El curso ha empezado en muchas escuelas, también en la universidad. En mi facultad, hemos escogido un sistema híbrido, con una clase presencial a la semana, y el resto no presenciales. Como os podéis imaginar, las clases presenciales se dan con distancia social, mascarilla y ventilación, siguiendo las directrices sanitarias. Jabón, gel de manos, entradas y salidas por caminos diferenciados... Micrófono de pinza cubierto de plástico para que podamos hablar y se nos oiga a través de la mascarilla. Todos nos tenemos que acostumbrar en este nuevo mundo, donde los dedos acaban oliendo al alcohol rectificado de los geles hidroalcohólicos, que dan un sabor amargo a todo lo que tocas. Prefiero el jabón.

Cada curso esperaba con ilusión las clases. Encontrarme cara a cara con los alumnos, poder explicar directamente experimentos y hallazgos, aquellos conceptos difíciles y abstractos, gesticulando como si hiciera teatro, para que sea más fácil la comprensión... un montón de pequeñas cosas intangibles, que ahora no tengo. Con las mascarillas puestas nos miramos, los alumnos y yo, pero yo sólo veo hileras de ojos que me miran fijamente. No sé si sonríen o no, no veo si aprietan los dientes o están relajados, sólo puedo intuir si flexionan los ojos, quizás... ¿Habéis intentado alguna vez interpretar los gestos de una cara sólo a través de los ojos? Me faltan referencias, no puedo saber si llego a su mente, si mi esfuerzo tiene receptor. Seguramente, mis estudiantes se sienten igual. Intento compensar la falta de expresión de la mascarilla con el tono de voz, muevo las manos, en un intento de colorear mi discurso, de tejer complicidades... Pero es difícil leer aquellas miradas sin palabras, y pienso que tengo que buscar alguna manera de añadir calor en aquella sala aireada, en la que las palabras flotan y se las lleva el viento fresco del otoño. Siento los uñetazos de la frustración. Me falta contexto. Sin embargo, me siento cerca de los estudiantes, porque me da la sensación de que yo tengo más recursos y ellos esperan de mí que podamos encontrar la manera de conectar.
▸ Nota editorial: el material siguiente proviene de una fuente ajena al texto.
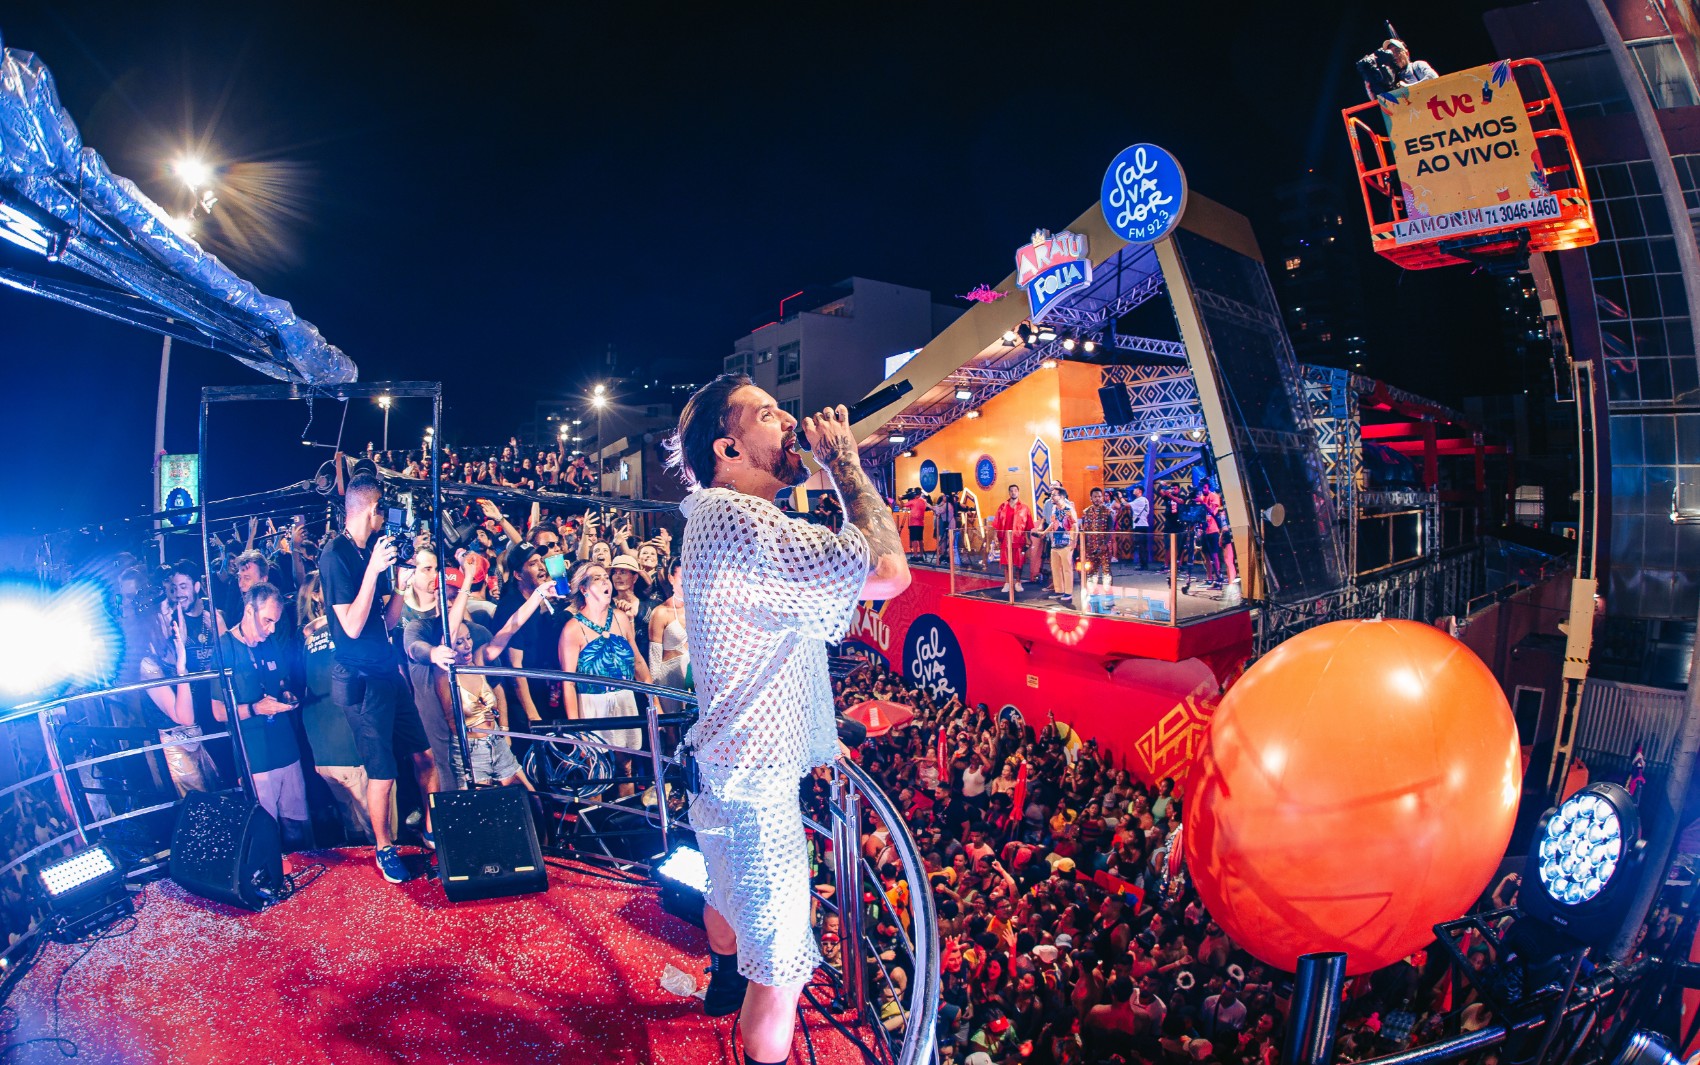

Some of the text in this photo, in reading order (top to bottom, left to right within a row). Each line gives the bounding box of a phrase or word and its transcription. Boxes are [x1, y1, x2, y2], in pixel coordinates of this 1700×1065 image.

[1427, 94, 1475, 120] tve
[1404, 116, 1517, 156] ESTAMOS
[1417, 139, 1520, 176] AO VIVO!
[1128, 209, 1169, 238] FM 92.3
[1485, 210, 1498, 225] 71
[1500, 197, 1558, 223] 3046-1460
[1018, 232, 1082, 286] ARATU
[1034, 263, 1083, 304] FOLIA
Me imagino las caras, intento poner nombres, pero es difícil construir todo el abanico de emociones sólo con los ojos.

Si una cosa aprenderemos los profesores en esta pandemia, aparte de gestionar la frustración, es a ser más humildes y a darnos cuenta de que sin alumnos no hay profesores que valgan

No es mucho mejor dar la clase por ordenador, porque con tantos alumnos, las cámaras y los micrófonos de los ordenadores están cerrados. Pregunto varias veces si me escuchan, porque hablo a una cámara y no sé dónde fijar los ojos. "¿Me oís bien?" "Síiiiii....". "Valeeeeee...". Me responden por el chat, y me animo, porque escriben como son, jóvenes y con expresiones de estar por casa. Sufro por no hacer ningún gesto inoportuno. Me esfuerzo de nuevo en hacer figuras con las manos que hago volar y enrosco delante de la cámara para que puedan imaginar aquello que yo imagino... Me falta contexto, voy viendo los nombres de los alumnos que entran y salen de la sesión, se van conectando y desconectando, pero no les puedo poner cara. Hablar y escuchar sin rostro, sin facciones. Redoblo mis esfuerzos por transmitir un poco de emoción. No sé si salgo adelante. Llega la hora del final de la clase y siento el vacío del silencio absoluto, ya no me oigo hablar por los auriculares. Cierro los ojos y deseo fuertemente que esta nueva normalidad tenga fecha de caducidad. Si una cosa aprenderemos los profesores en esta pandemia, aparte de gestionar la frustración, es a ser más humildes y a darnos cuenta de que sin alumnos no hay profesores que valgan. Y también que la pasión por el trabajo se transmite a kilómetro cero, mediante las emociones. Tengo ganas de que devolvemos a la normalidad de siempre, a ver caras y sonrisas, ojos brillantes y voces afiladas, codazos y caras de duda. Contexto, necesito contexto.